EXERCISE INPUT below:

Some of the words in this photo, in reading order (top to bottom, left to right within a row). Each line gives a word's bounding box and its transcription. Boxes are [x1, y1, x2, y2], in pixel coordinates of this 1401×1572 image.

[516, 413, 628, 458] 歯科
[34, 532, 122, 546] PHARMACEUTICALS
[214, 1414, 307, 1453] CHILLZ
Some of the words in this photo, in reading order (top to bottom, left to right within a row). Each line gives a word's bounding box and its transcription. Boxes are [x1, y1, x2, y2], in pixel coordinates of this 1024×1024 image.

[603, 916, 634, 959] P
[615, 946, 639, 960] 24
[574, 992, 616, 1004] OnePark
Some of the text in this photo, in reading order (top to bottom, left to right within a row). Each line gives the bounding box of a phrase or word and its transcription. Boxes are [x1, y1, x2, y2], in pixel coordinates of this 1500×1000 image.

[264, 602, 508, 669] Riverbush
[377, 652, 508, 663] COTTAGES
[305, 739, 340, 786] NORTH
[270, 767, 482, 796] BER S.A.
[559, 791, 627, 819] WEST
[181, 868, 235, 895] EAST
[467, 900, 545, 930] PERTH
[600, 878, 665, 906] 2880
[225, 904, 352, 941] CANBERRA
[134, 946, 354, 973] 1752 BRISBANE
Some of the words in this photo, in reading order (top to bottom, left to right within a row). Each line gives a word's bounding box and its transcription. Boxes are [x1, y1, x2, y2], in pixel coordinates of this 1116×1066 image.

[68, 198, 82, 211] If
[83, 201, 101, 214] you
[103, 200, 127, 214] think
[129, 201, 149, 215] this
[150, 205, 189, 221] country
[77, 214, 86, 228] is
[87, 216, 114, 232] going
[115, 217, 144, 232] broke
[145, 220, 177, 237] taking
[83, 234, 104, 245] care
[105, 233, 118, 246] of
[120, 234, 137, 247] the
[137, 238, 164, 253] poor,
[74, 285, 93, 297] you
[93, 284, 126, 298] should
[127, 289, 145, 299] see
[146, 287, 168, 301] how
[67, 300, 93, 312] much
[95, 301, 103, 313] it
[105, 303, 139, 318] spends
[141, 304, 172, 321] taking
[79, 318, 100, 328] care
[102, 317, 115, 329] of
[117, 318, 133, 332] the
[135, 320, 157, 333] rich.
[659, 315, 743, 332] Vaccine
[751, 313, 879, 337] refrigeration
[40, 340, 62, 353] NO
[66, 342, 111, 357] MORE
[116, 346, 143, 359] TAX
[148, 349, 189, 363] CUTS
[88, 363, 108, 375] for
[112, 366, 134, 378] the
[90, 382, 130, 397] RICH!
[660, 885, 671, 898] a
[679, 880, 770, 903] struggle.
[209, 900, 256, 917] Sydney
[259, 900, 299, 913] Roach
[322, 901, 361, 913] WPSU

End of EXERCISE INPUT.

» **ABOUT THIS EXERCISE**: Output nothing but the lines from the one containing "this 1116×1066 image." through the last line of the data, exactly as they stand.

» **YOUR RESPONSE**:
Some of the words in this photo, in reading order (top to bottom, left to right within a row). Each line gives a word's bounding box and its transcription. Boxes are [x1, y1, x2, y2], in pixel coordinates of this 1116×1066 image.

[68, 198, 82, 211] If
[83, 201, 101, 214] you
[103, 200, 127, 214] think
[129, 201, 149, 215] this
[150, 205, 189, 221] country
[77, 214, 86, 228] is
[87, 216, 114, 232] going
[115, 217, 144, 232] broke
[145, 220, 177, 237] taking
[83, 234, 104, 245] care
[105, 233, 118, 246] of
[120, 234, 137, 247] the
[137, 238, 164, 253] poor,
[74, 285, 93, 297] you
[93, 284, 126, 298] should
[127, 289, 145, 299] see
[146, 287, 168, 301] how
[67, 300, 93, 312] much
[95, 301, 103, 313] it
[105, 303, 139, 318] spends
[141, 304, 172, 321] taking
[79, 318, 100, 328] care
[102, 317, 115, 329] of
[117, 318, 133, 332] the
[135, 320, 157, 333] rich.
[659, 315, 743, 332] Vaccine
[751, 313, 879, 337] refrigeration
[40, 340, 62, 353] NO
[66, 342, 111, 357] MORE
[116, 346, 143, 359] TAX
[148, 349, 189, 363] CUTS
[88, 363, 108, 375] for
[112, 366, 134, 378] the
[90, 382, 130, 397] RICH!
[660, 885, 671, 898] a
[679, 880, 770, 903] struggle.
[209, 900, 256, 917] Sydney
[259, 900, 299, 913] Roach
[322, 901, 361, 913] WPSU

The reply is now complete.